▶ [Exercise directions] The required output is the stretch from the line containing "this 1500×1125 image." through the line containing "this 1830×1730 image." in the records below, unaltered and with no pictures.

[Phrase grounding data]
= = = =
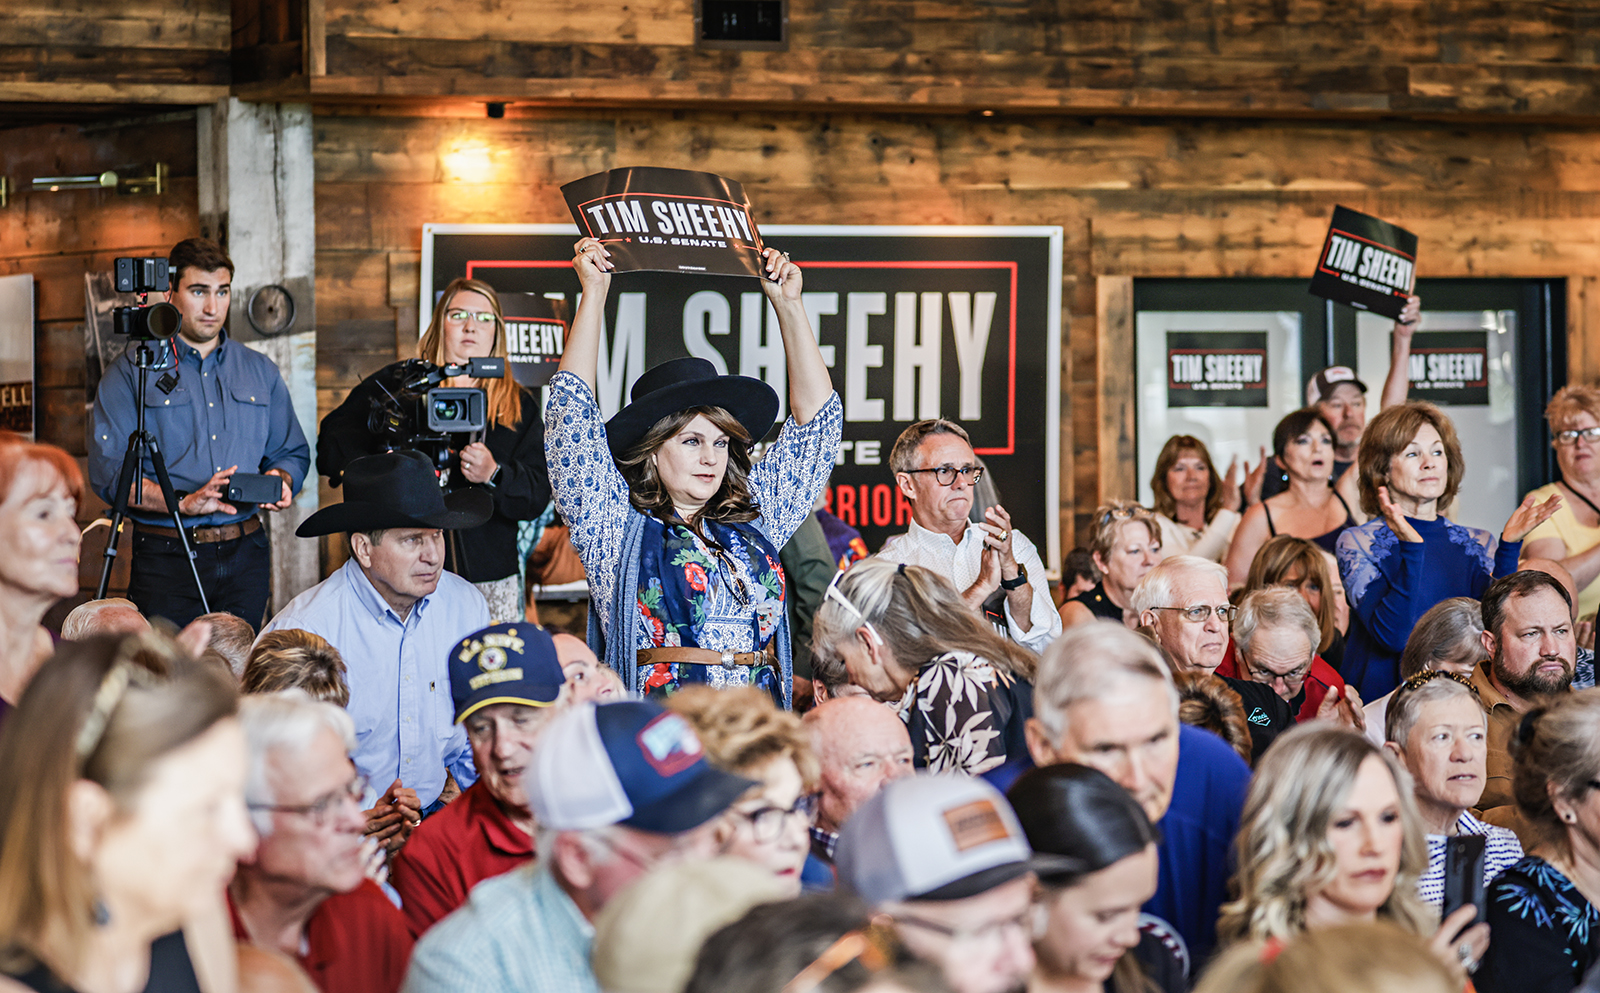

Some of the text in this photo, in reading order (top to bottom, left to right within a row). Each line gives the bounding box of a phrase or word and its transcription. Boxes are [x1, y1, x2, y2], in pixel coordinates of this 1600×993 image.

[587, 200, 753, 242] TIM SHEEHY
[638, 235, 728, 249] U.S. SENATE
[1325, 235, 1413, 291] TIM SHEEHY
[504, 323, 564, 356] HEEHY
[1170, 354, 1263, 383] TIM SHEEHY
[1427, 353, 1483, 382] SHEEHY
= = = =
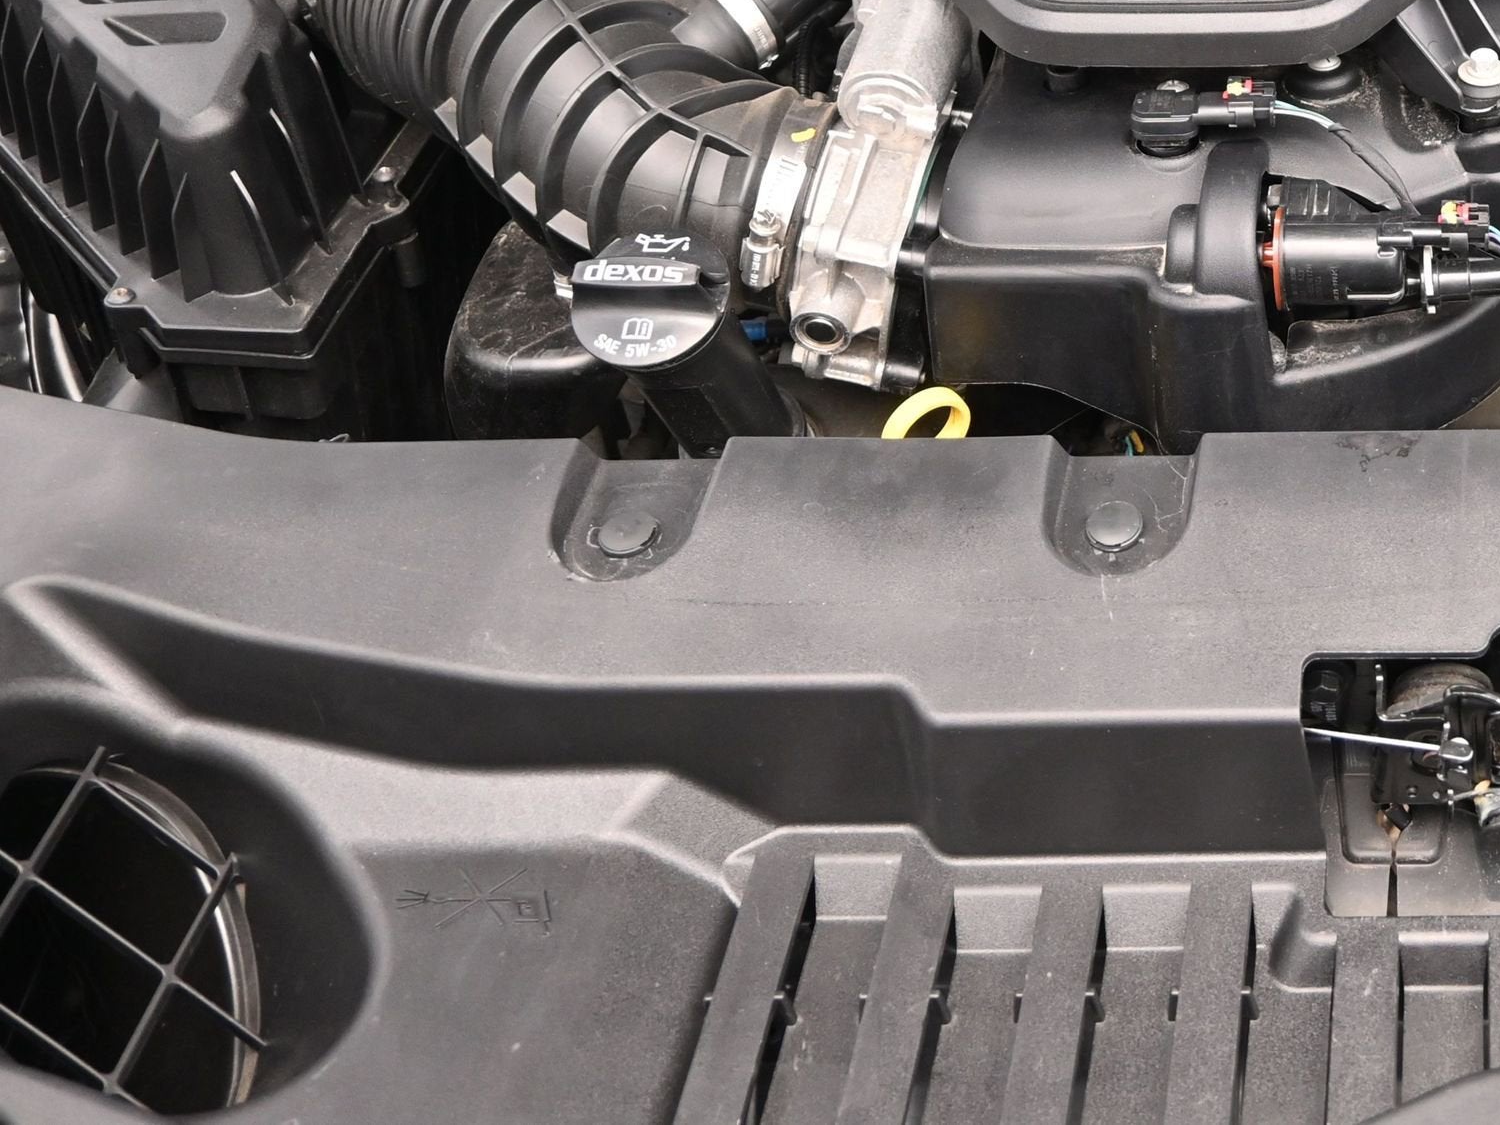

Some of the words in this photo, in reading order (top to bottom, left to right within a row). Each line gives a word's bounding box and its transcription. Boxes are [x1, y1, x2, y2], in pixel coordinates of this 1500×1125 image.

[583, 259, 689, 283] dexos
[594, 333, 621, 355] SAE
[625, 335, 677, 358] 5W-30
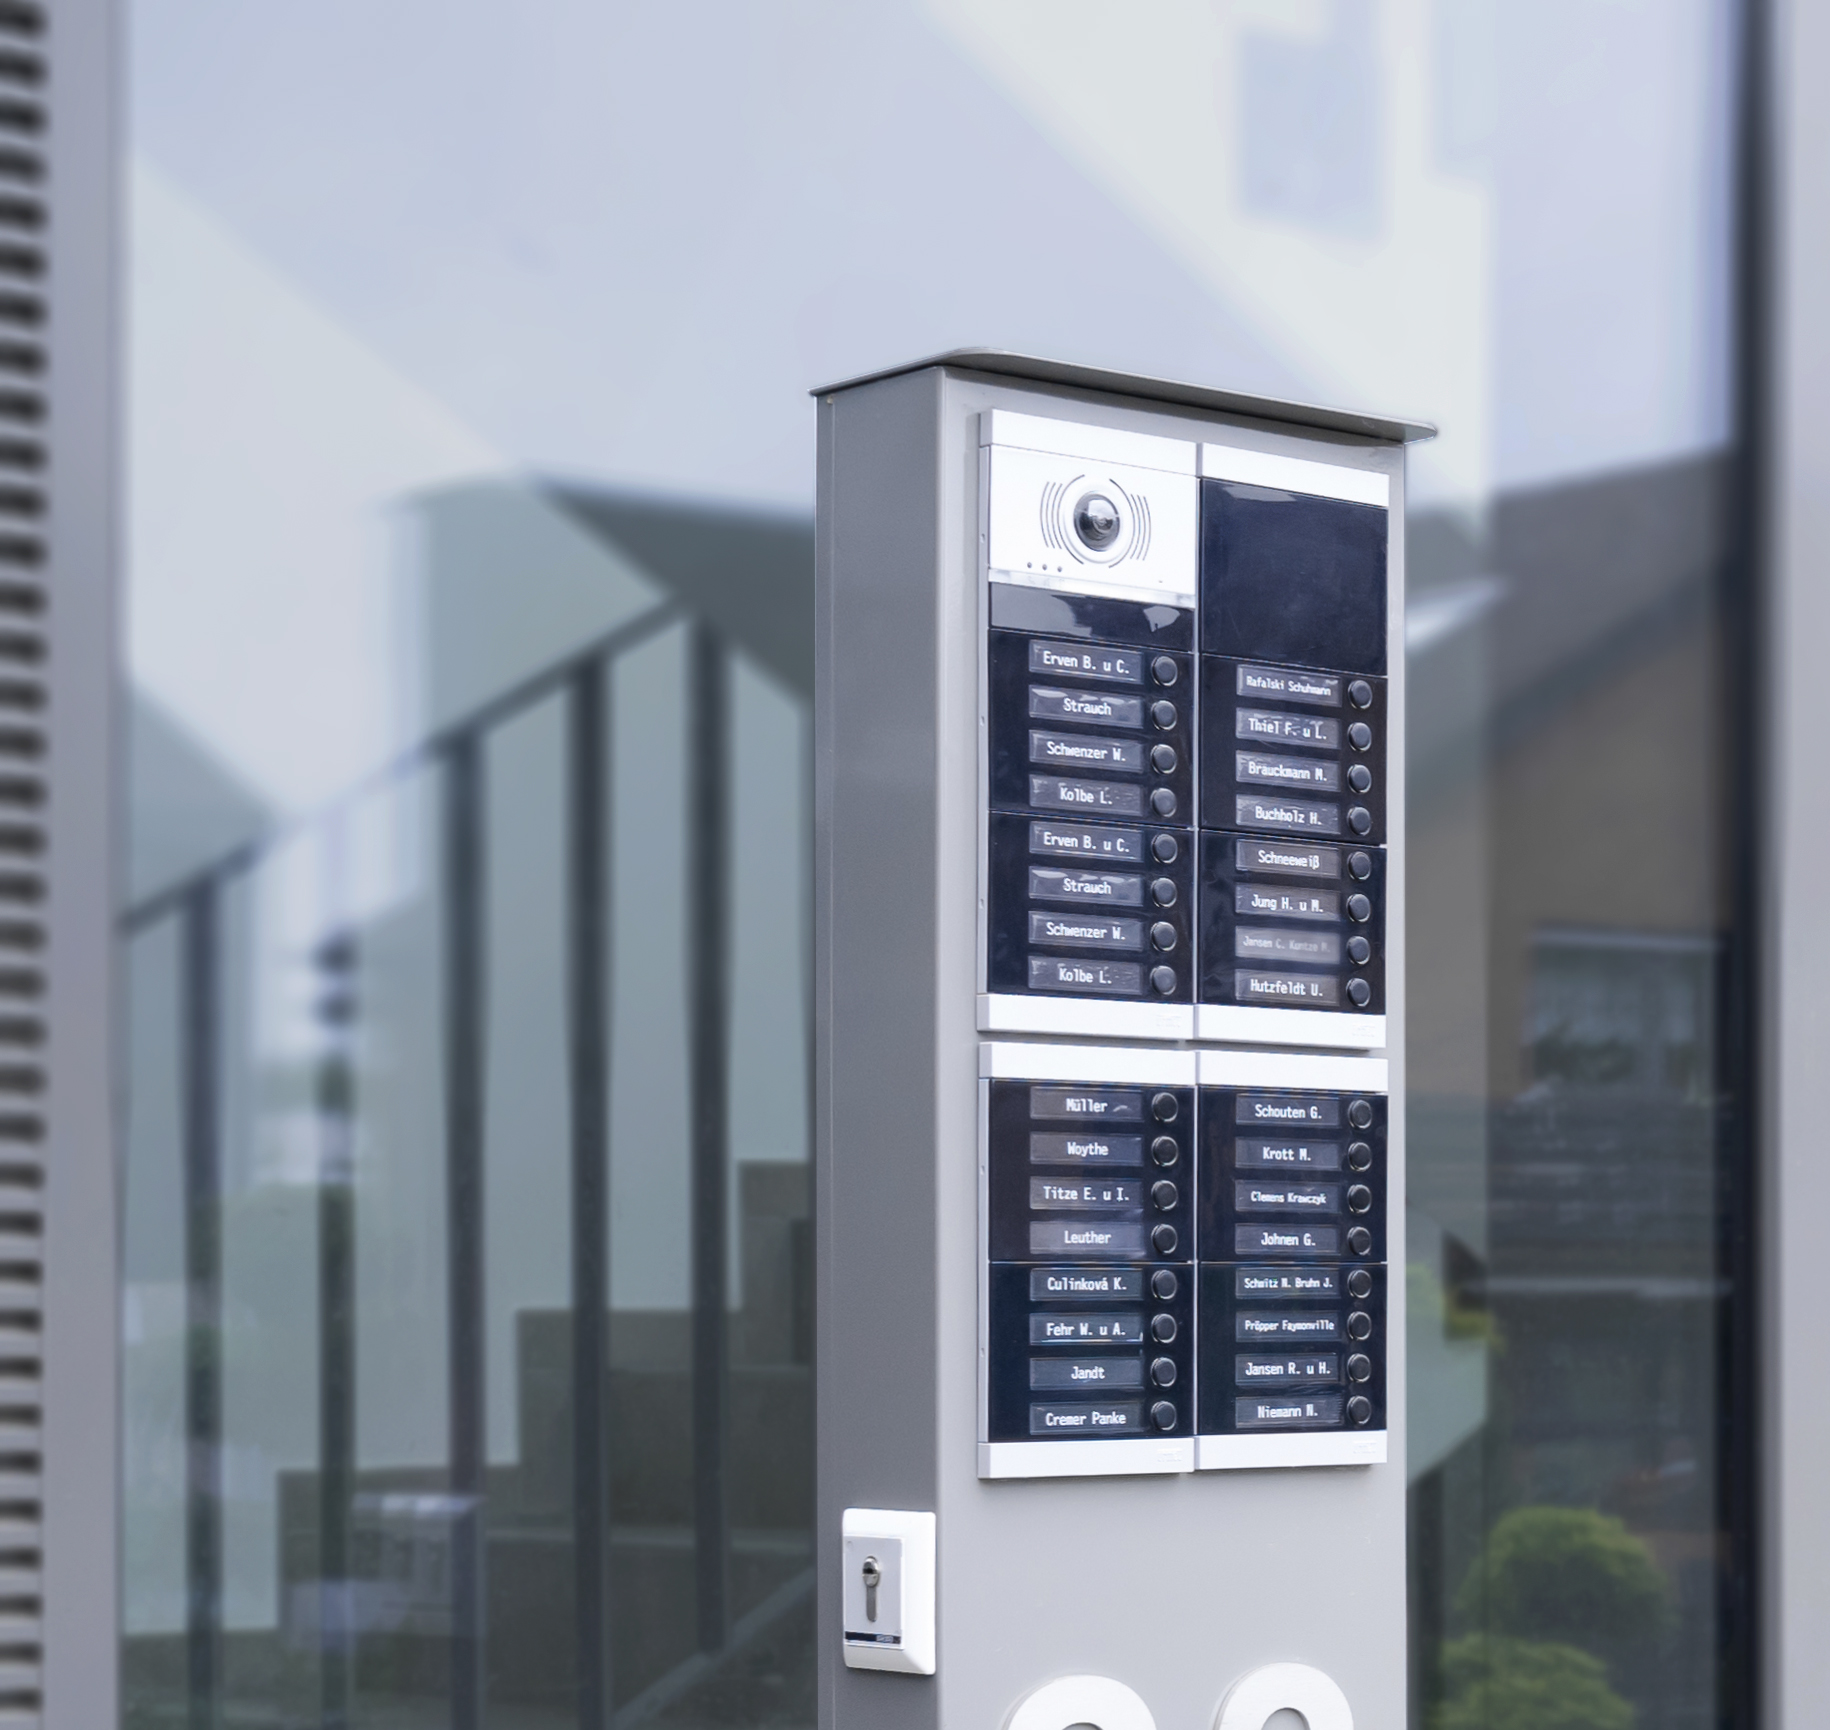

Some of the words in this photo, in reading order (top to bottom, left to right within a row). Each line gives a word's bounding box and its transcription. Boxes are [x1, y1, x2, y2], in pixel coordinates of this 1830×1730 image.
= = = =
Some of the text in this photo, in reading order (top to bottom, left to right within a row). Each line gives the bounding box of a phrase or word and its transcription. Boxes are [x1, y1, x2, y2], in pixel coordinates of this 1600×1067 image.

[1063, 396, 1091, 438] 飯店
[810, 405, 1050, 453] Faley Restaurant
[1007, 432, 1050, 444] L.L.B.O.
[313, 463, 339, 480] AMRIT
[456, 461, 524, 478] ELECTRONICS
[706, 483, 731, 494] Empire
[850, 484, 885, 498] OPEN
= = = =
▶ [Output of the task]
Some of the words in this photo, in reading order (top to bottom, left to right within a row). Each line gives a word's bounding box and its transcription. Boxes are [x1, y1, x2, y2], in pixel coordinates of this 1500×1125 image.

[583, 259, 689, 283] dexos
[594, 333, 621, 355] SAE
[625, 335, 677, 358] 5W-30

Some of the words in this photo, in reading order (top to bottom, left to right within a row). Each line gives a word's bounding box and its transcription. Boxes are [x1, y1, x2, y2], in pixel coordinates of this 1830×1730 image.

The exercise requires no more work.